Bigarade Concentrée by Editions de Parfums Frederic Malle

This is possibly Jean-Claude Ellena at his best in men's cologne. A trail-blazer, iconic, different, unique among citrus scents -- this is bitter orange at its superb best. A dialectic of a fragrance, its hesperidic top notes express an icy freshness unlike any other, tempered by a touch of rose -- which dries down to a warm base of sumptuous cedar and hay. A class act. C'est un parfum tres soigne!

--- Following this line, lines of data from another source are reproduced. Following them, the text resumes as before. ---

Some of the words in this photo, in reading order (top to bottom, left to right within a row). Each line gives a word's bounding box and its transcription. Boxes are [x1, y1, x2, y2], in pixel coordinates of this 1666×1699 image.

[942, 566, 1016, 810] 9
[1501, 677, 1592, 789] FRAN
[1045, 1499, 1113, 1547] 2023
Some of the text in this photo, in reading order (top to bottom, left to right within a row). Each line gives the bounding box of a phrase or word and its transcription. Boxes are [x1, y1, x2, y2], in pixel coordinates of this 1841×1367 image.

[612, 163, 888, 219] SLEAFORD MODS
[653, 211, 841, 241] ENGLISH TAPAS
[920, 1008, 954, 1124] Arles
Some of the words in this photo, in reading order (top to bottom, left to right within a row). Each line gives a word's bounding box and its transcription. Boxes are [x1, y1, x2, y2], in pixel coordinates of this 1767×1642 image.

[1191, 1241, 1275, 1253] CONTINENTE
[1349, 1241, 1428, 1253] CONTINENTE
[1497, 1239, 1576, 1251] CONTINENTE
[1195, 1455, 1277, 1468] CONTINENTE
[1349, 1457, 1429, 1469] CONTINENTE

Grey Flannel by Geoffrey Beene

A stunning green/spicy chypre that highlights an incredible galbanum/violet/sage combination drying down to a beautiful woody/rooty base of cedar/oakmoss/vetiver. Excellent sillage! This scent is so distinct, you won't mistake it for anything else. Ideally suited for fall/winter. This is a classic and worth a try.


M7 by Yves Saint Laurent

This scent is not for the faint of heart. Intense/deep and dark, this oozes in-your face masculinity.Dramatic sillage and stays on your skin for a very long time. This is agarwood that has the wallop of a baseball bat.If you want it safe/clean (dare I say boring), don't get this. If you want to stand out, be different, be a rebel --this one's for you.


L'Eau de L'Artisan by L'Artisan Parfumeur

A very grassy, fresh, summery scent. Reminds me of Eau de Christian Tortu. Beautiful indeed! A very unique green scent that's not overwhelming. The sillage is just perfect. Bravo!